By Marisa Baese
Mommy to Anabel
August 15 – October 2, 2018
Trisomy & Congenital Heart Defect
Hope: a feeling of expectation and desire for a certain thing to happen.
The definition of hope is pretty direct and specific, unlike our plans with Anabel. Yet, we found, kept, and clung to hope from May 11 until the day she was born. After she was born, our hope became less tangible and more open-ended, like a general wish versus immediate need.
Early on in her life, our hope was taken away during a meeting with surgeons, who decided that heart surgery would not be successful for Anabel. The entire orchestration of getting to that point seemed immediately… worthless feels painful to say… but what’s a word for “what’s the point”? Why did doctors, specialists, nurses, friends, and family spend all this time working so hard to get Anabel here — alive — only to shut the door on her future?
The soft glow of hope that lived inside us was snatched and before we could grab it back, the door was locked. No other doors were immediately opened, we were without words and without breath. We were… hopeless.
This was the day On Angels’ Wings was presented to us, an immediate act of care and love through family photographs. A gift neither of us had thought of but so desperately now hold dear. Our forever family of four.
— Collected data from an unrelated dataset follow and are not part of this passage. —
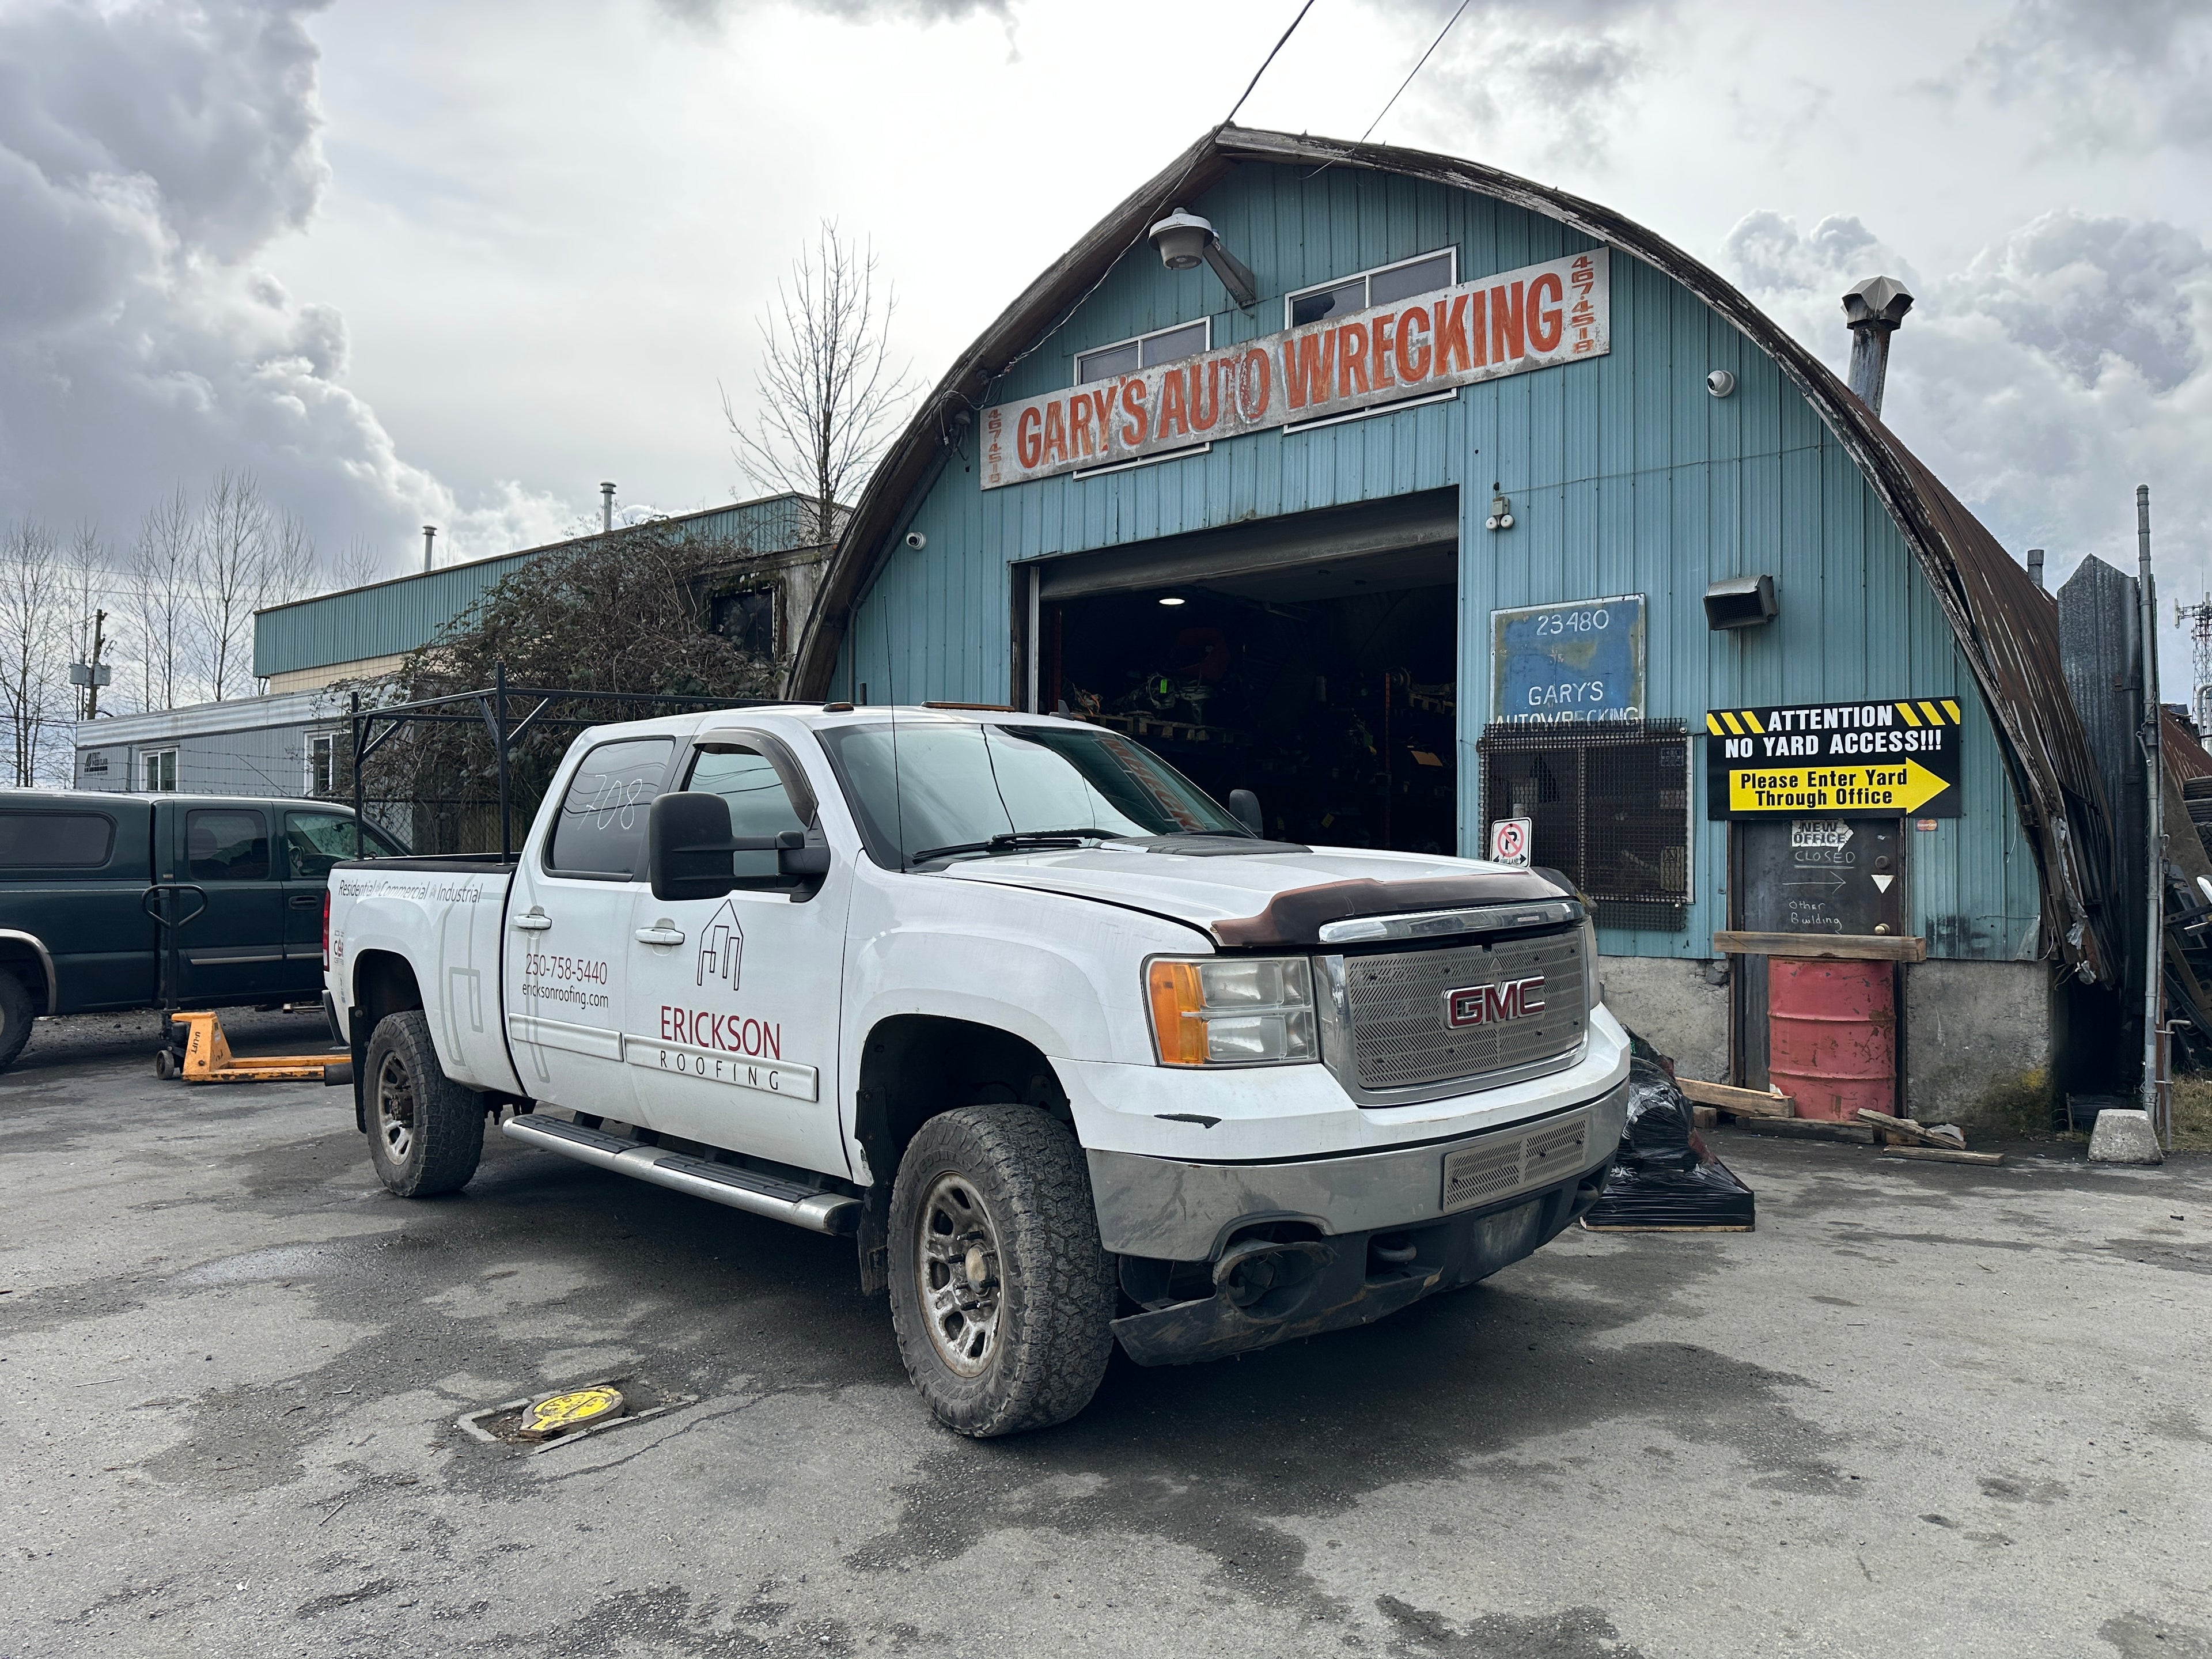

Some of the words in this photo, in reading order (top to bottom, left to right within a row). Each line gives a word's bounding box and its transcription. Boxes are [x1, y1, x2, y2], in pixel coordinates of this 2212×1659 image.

[1017, 376, 1147, 469] GARY'S
[1158, 348, 1271, 440] AUTO
[1283, 272, 1564, 409] WRECKING
[1536, 608, 1609, 636] 23480
[1528, 681, 1604, 706] GARY'S
[1768, 704, 1892, 732] ATTENTION
[1725, 738, 1753, 758] NO
[1763, 735, 1819, 756] YARD
[1829, 729, 1942, 755] ACCESS!!!
[1741, 772, 1798, 789] Please
[1808, 771, 1856, 787] Enter
[1865, 768, 1907, 786] Yard
[577, 775, 642, 830] 708
[1755, 790, 1827, 808] Through
[1836, 789, 1893, 805] Office
[1793, 832, 1847, 844] OFFICE
[1800, 821, 1838, 832] NEW
[1795, 850, 1855, 863] CLOSED
[339, 879, 375, 896] Residential
[378, 881, 430, 900] Commercial
[437, 883, 483, 903] Industrial
[1791, 912, 1842, 931] Building
[525, 953, 607, 984] 250-758-5440
[522, 980, 608, 1009] ericksonroofing.com
[1443, 976, 1545, 1030] GMC
[191, 1031, 200, 1054] U-LIFT
[661, 1005, 780, 1060] ERICKSON
[660, 1050, 779, 1090] ROOFING
That night was rough, as one might expect, but I could not accept the door of my daughter’s future being shut for us. I vividly remember telling our main nurse that if any surgery or medical intervention options are not pursued, it’s because we reached out and closed that door ourselves. But having a door shut on you, with no key to unlock it… that’s hard.
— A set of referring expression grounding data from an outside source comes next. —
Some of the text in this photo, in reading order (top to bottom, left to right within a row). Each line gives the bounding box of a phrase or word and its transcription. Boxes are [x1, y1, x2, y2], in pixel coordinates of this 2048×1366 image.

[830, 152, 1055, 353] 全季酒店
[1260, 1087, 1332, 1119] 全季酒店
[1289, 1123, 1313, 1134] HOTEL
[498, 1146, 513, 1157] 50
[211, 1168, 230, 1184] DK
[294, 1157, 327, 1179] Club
This lead to us seeking a second opinion, re-sparking that inner, and outer, glow of hope. Searching in the fog and dark for any resemblance of a door or path or arrow to follow. We clung to that new stepping stone like a lifeline in the water, fingers white and eyes wide as we dare not let go. After a brief rest to catch our breath we bobbed along until we determined our next course of action and put our blinders on. We would find a way to keep the new-found and so very precious hope we had.
The hope inside Anabel never left, we saw it in her eyes. She knew that the love we had for her was all we ever needed. She was the glow, she is the hope.